Vaughn and screenwriter Jason Fuchs began developing a screenplay with a major meta-shift, in which a fictional version of the real-life author of the Argylle novel, Elly Conway, would become the central character in the film. Rather than being a film about a spy, Argylle would now be a film about a reclusive spy novelist who gets catapulted into real-world espionage when the plots of her books get a little too close to the activities of a nefarious spy organization. “My primary motivation is to craft a compelling narrative,” Vaughn says. “I don’t aim to reinvent the genre, but to provide a fresh perspective. I direct as if I were an audience member, thinking about what I would like to see or what unexpected elements I can incorporate to keep it feeling new.”

Early in the scripting process, Vaughn and Fuchs decided that the film would fuse the real world, in which Elly Conway is on the run with Aidan, and the world she created, in which Argylle, the unstoppable secret agent, holds sway. As the danger for Elly escalates, the lines between her imaginary world and the real one blur with increasing speed and frequency. As a result, the audience is catapulted into a cinematic rocket ride where convention and expectation are constantly upended. “I prefer movies that provide escapism, a combination of glamour and grit,” Vaughn says. “For me, beauty is essential. When I used to watch Bond movies as a kid, I felt I was on an adventure—going places I had never gone and seeing people I had never seen. It was an astonishing feeling and I have tried to recreate that type of feeling with this film.”

 

 

For Fuchs, the experience of writing a globe-trotting espionage thriller while the world was in COVID lockdown allowed him to escape, too. “I hadn’t written an original screenplay in a long time, so Argylle became my little passion project,” Fuchs says. “It was cathartic and allowed me to escape my apartment office and traverse the world with Argylle on a Greek island or explore Europe with Elly and Aidan.”

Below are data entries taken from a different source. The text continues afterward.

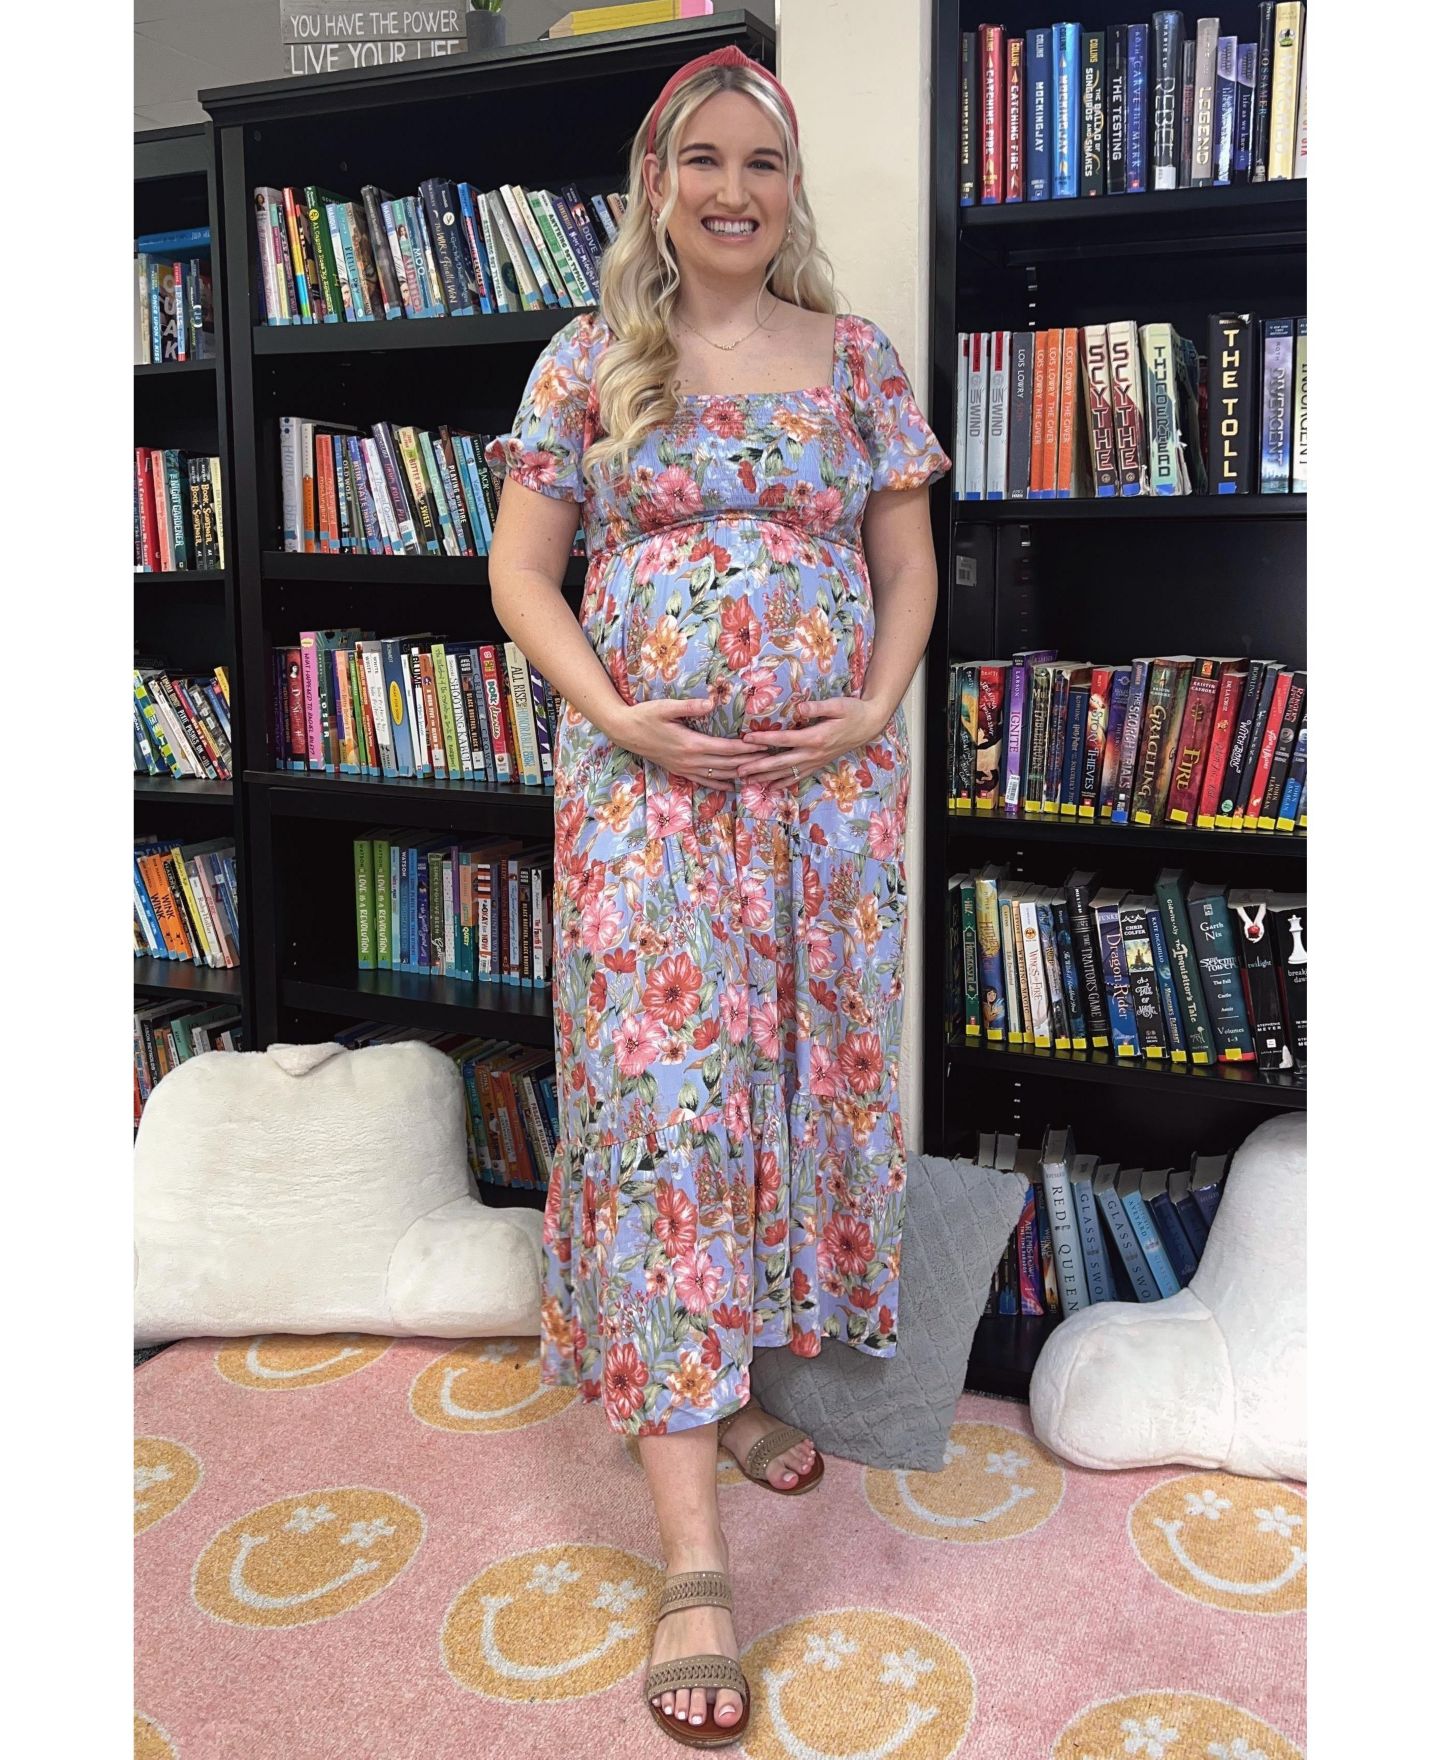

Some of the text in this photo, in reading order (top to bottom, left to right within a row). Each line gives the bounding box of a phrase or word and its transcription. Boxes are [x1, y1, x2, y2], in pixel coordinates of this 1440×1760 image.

[291, 10, 459, 38] YOU HAVE THE POWER
[290, 44, 339, 74] LIVE
[1090, 39, 1098, 62] COLLINS
[1010, 42, 1020, 170] COLLINS CATCHING FIRE
[1035, 34, 1044, 152] COLLINS MOCKINGJAY
[1258, 48, 1269, 118] GOSSAMER
[1275, 55, 1293, 154] MATCHED
[985, 70, 994, 155] CATCHING FIRE
[1059, 75, 1068, 154] MOCKINGJAY
[1112, 76, 1122, 160] THE TESTING
[1132, 60, 1142, 168] CARVE MARK
[1155, 77, 1175, 158] REBEL
[1197, 86, 1211, 164] LEGEND
[1240, 133, 1248, 152] knew
[327, 205, 336, 230] HADDIX
[382, 205, 393, 228] HADDIX
[437, 233, 447, 249] WAR
[582, 227, 598, 253] DOVE
[413, 248, 425, 275] MOO
[483, 220, 502, 299] ANYTHING TYPICAL
[549, 213, 586, 291] ANYTHING TYPICAL
[1089, 344, 1113, 471] SCYTHE
[1113, 342, 1137, 469] SCYTHE
[1154, 346, 1171, 477] THUNDERHEAD
[1222, 330, 1240, 478] THE TOLL
[1269, 367, 1285, 465] DIVERGENT
[353, 461, 366, 507] BETTER NATE
[448, 465, 460, 492] PLAYING
[474, 440, 489, 489] SHURTLIFF JACK
[171, 480, 184, 548] NIGHT GARDENER
[409, 458, 431, 528] BITTER SIDE SWEET
[412, 656, 422, 688] BLUME
[321, 693, 329, 737] LOSER
[449, 678, 469, 762] SHOOTING KABUL
[473, 673, 492, 769] CRUEL CROWN
[511, 666, 532, 750] ALL RISE HONORABLE
[1009, 711, 1020, 752] IGNITE
[186, 725, 197, 745] PUSHES
[1085, 710, 1103, 789] STORY THIEVES
[1119, 692, 1142, 788] THE SCORCH TRIALS
[1138, 705, 1166, 797] GRACELING
[1176, 746, 1201, 791] FIRE
[1264, 776, 1276, 810] FLANAGAN
[1283, 778, 1296, 811] FLANAGAN
[164, 862, 175, 890] HADDIX
[151, 893, 165, 920] WINK
[162, 894, 175, 920] WINK
[198, 897, 211, 934] Ruby Holler
[358, 875, 368, 953] LOVE REVOLUTION
[377, 875, 387, 953] LOVE REVOLUTION
[1200, 922, 1223, 932] Garth
[1205, 932, 1222, 941] Nix
[1248, 956, 1272, 968] twilight
[1021, 988, 1029, 1014] MAGIC
[1029, 949, 1042, 1001] WINGS FIRE
[1081, 947, 1101, 1017] TRAITOR'S GAME
[1106, 934, 1129, 1020] Dragon Rider
[1173, 949, 1192, 1001] Inquisitor's
[147, 1042, 155, 1070] REYNOLDS
[1169, 1017, 1180, 1043] ELEPHANT
[531, 1103, 548, 1157] PROJECT MULBERRY
[1025, 1221, 1034, 1254] ARTEMIS
[1080, 1194, 1095, 1244] GLASS
[1107, 1201, 1132, 1249] GLASS
[1052, 1186, 1078, 1312] RED QUEEN

Fuchs and Vaughn collaborated closely, and at all hours, to make sure that every aspect of the script was as sharp, unexpected, witty and thrilling as possible. “What I admire about Matthew’s approach to development is his secure and confident style,” Fuchs says. “From the beginning, it was clear that the elements that excited me about the story were the same things that excited him. Our notes and the development process flowed organically. Matthew’s fearlessness as a storyteller encouraged me to take bolder and unconventional paths, even if it pushed me out of my comfort zone.”

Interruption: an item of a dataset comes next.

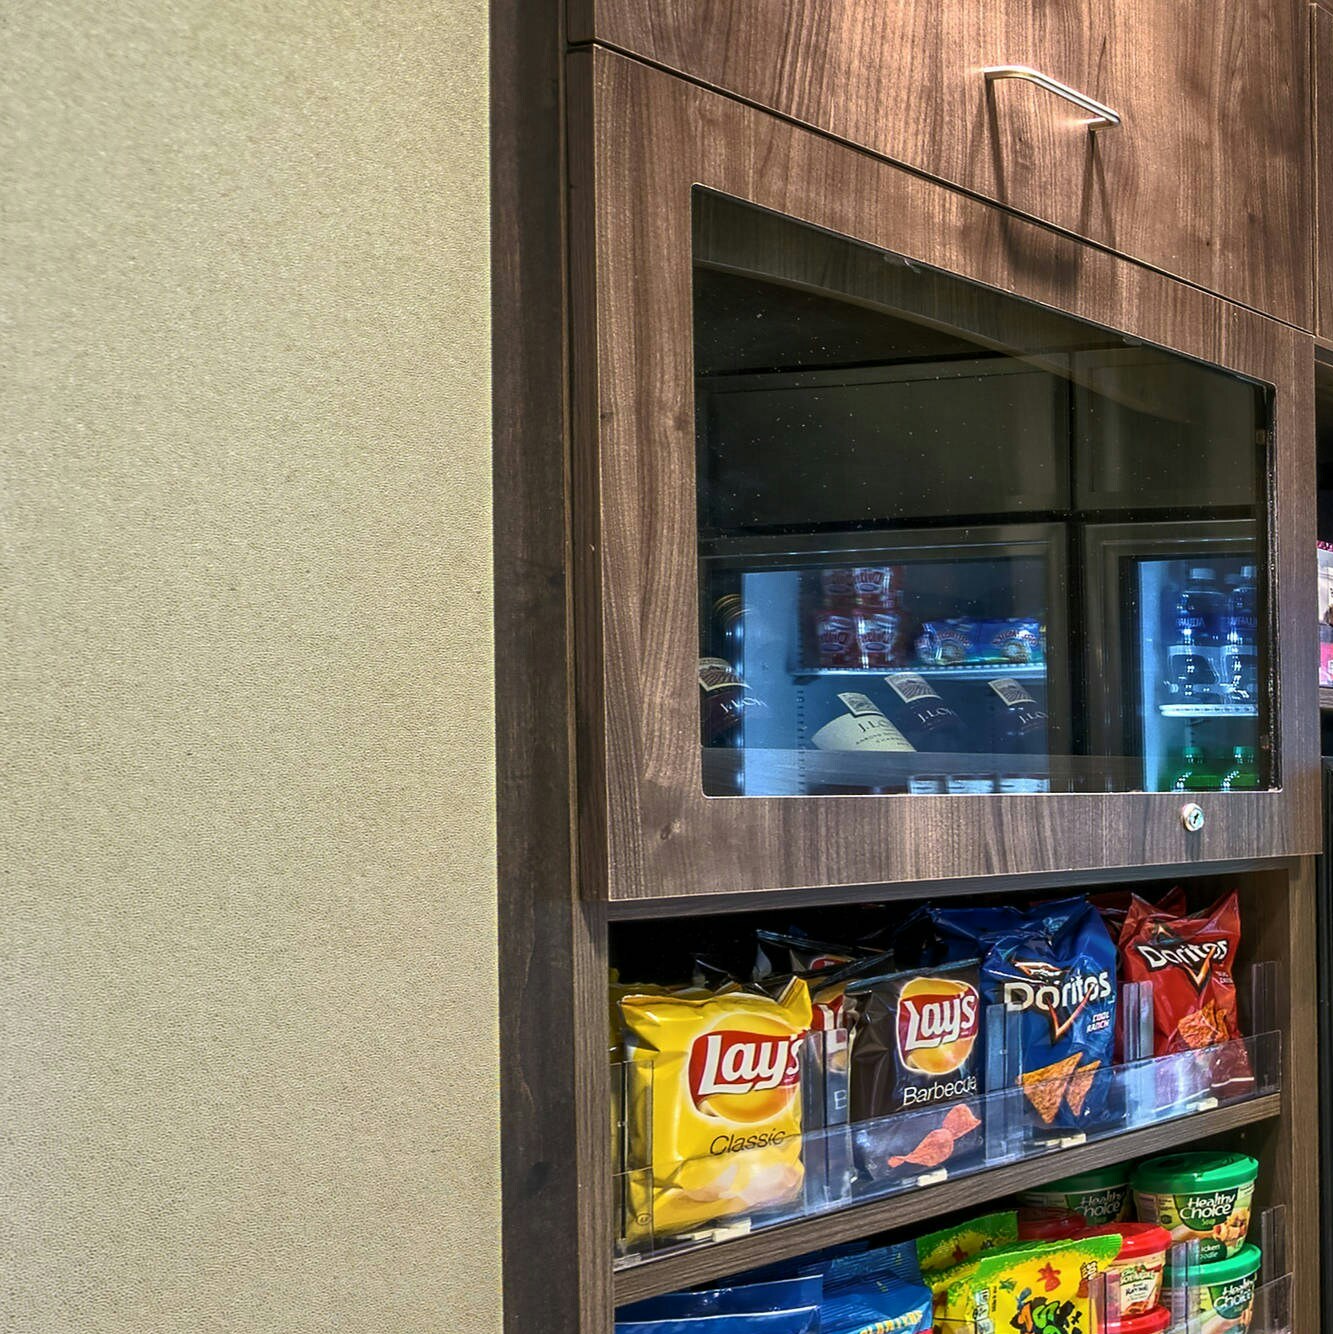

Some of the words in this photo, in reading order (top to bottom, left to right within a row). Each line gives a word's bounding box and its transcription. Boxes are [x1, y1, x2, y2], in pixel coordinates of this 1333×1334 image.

Out of the comfort zone is exactly where Vaughn thrives, and where he loves to transport audiences. “The cinema remains one of the last places where we, as a society, can connect on a deeply human level,” Vaughn says. “It’s a place where we can come together and experience the rollercoaster of emotions, the highs and lows, as a collective. This film, in particular, was made for the big screen. It’s grand and filled with unexpected moments you won’t see coming. When you’re in a theater, surrounded by fellow audience members, and those moments hit, the reactions create an unforgettable experience. It’s more fun, more immersive. It is pure escapism, something we all need in a world that is not always sunny. A little ray of sunshine, even in a dark room, is a good idea.”